[Source data]
-- Opening Marker --
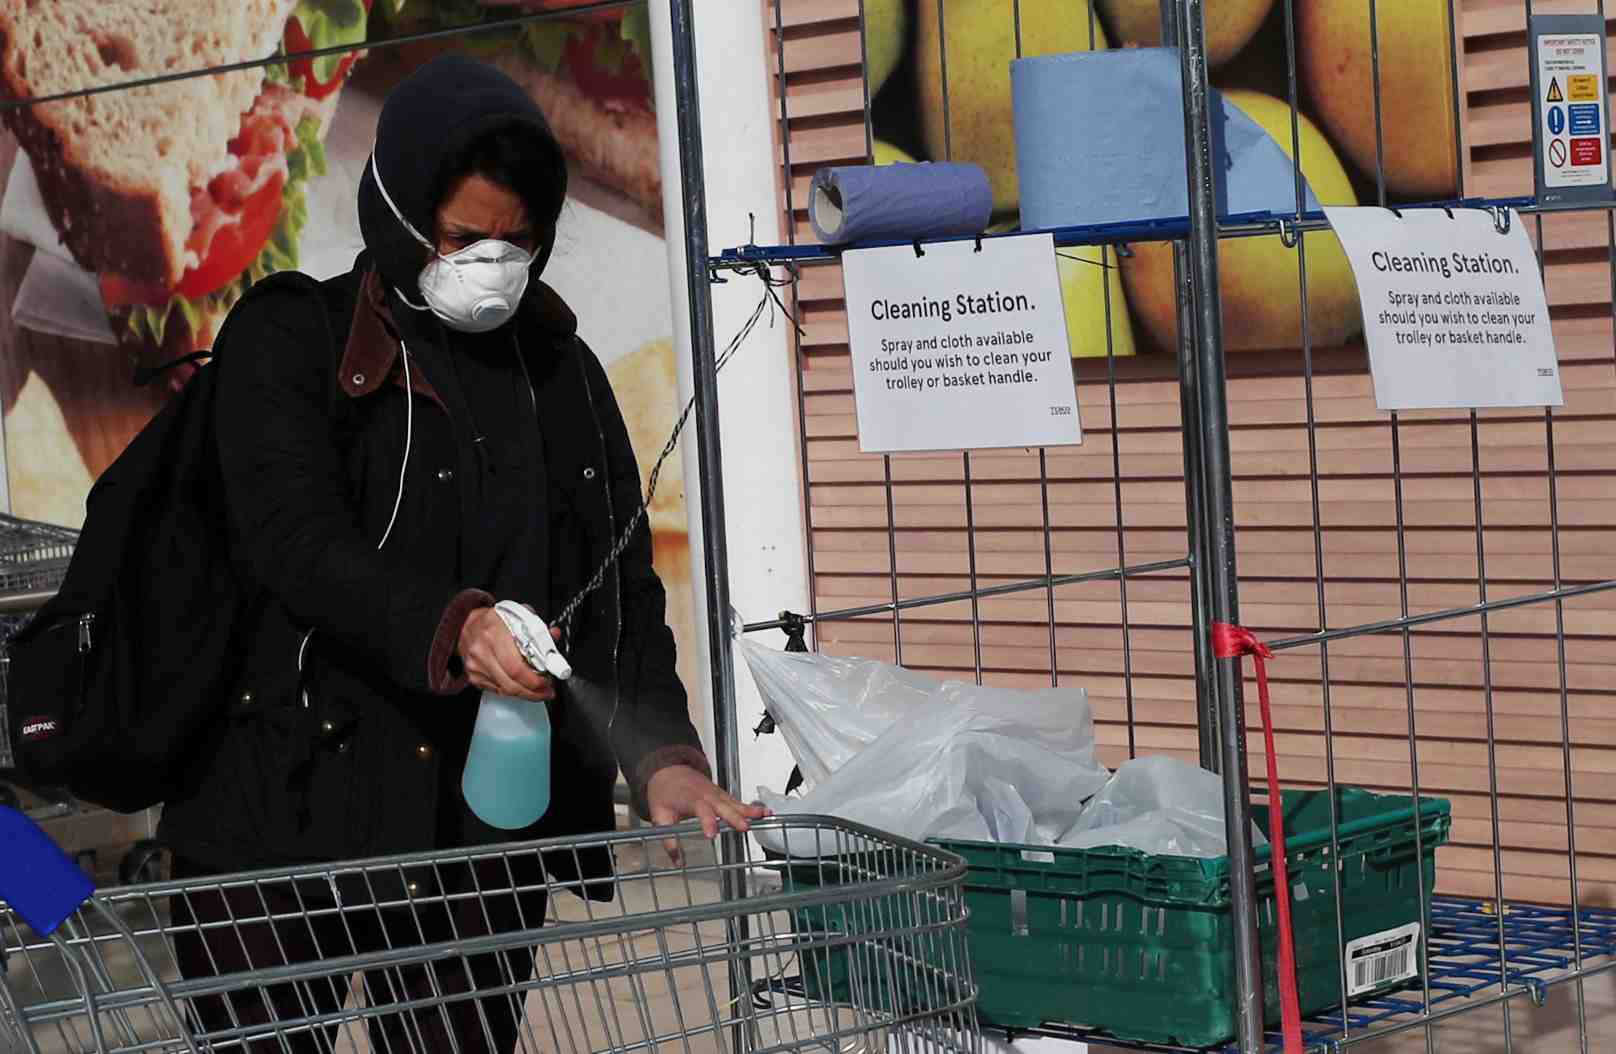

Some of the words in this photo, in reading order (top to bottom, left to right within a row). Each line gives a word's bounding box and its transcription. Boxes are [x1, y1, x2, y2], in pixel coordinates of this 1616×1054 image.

[1371, 251, 1451, 278] Cleaning
[1452, 252, 1519, 274] Station.
[871, 297, 951, 322] Cleaning
[956, 291, 1036, 316] Station.
[1388, 291, 1419, 307] Spray
[1422, 292, 1441, 305] and
[1444, 292, 1472, 305] cloth
[1474, 292, 1521, 305] available
[1379, 310, 1416, 324] should
[1419, 312, 1438, 326] you
[1440, 311, 1465, 324] wish
[1467, 313, 1479, 324] to
[1481, 312, 1510, 325] clean
[1512, 313, 1536, 327] your
[881, 338, 913, 354] Spray
[916, 337, 937, 350] and
[941, 335, 973, 349] cloth
[976, 330, 1034, 346] available
[1396, 330, 1432, 346] trolley
[1435, 333, 1446, 344] or
[1449, 331, 1484, 344] basket
[1486, 331, 1526, 344] handle.
[870, 357, 908, 372] should
[911, 357, 932, 373] you
[935, 355, 963, 368] wish
[966, 354, 980, 367] to
[984, 352, 1018, 366] clean
[1022, 350, 1052, 366] your
[886, 375, 923, 391] trolley
[927, 376, 940, 388] or
[943, 373, 985, 387] basket
[988, 369, 1038, 384] handle.
-- Closing Marker --
§ **TASK GOAL**
Each line above should be written out again unchanged; no images are to be carried over.

§ **RESULT OF THIS EXERCISE**
Some of the words in this photo, in reading order (top to bottom, left to right within a row). Each line gives a word's bounding box and its transcription. Boxes are [x1, y1, x2, y2], in pixel coordinates of this 1616×1054 image.

[1371, 251, 1451, 278] Cleaning
[1452, 252, 1519, 274] Station.
[871, 297, 951, 322] Cleaning
[956, 291, 1036, 316] Station.
[1388, 291, 1419, 307] Spray
[1422, 292, 1441, 305] and
[1444, 292, 1472, 305] cloth
[1474, 292, 1521, 305] available
[1379, 310, 1416, 324] should
[1419, 312, 1438, 326] you
[1440, 311, 1465, 324] wish
[1467, 313, 1479, 324] to
[1481, 312, 1510, 325] clean
[1512, 313, 1536, 327] your
[881, 338, 913, 354] Spray
[916, 337, 937, 350] and
[941, 335, 973, 349] cloth
[976, 330, 1034, 346] available
[1396, 330, 1432, 346] trolley
[1435, 333, 1446, 344] or
[1449, 331, 1484, 344] basket
[1486, 331, 1526, 344] handle.
[870, 357, 908, 372] should
[911, 357, 932, 373] you
[935, 355, 963, 368] wish
[966, 354, 980, 367] to
[984, 352, 1018, 366] clean
[1022, 350, 1052, 366] your
[886, 375, 923, 391] trolley
[927, 376, 940, 388] or
[943, 373, 985, 387] basket
[988, 369, 1038, 384] handle.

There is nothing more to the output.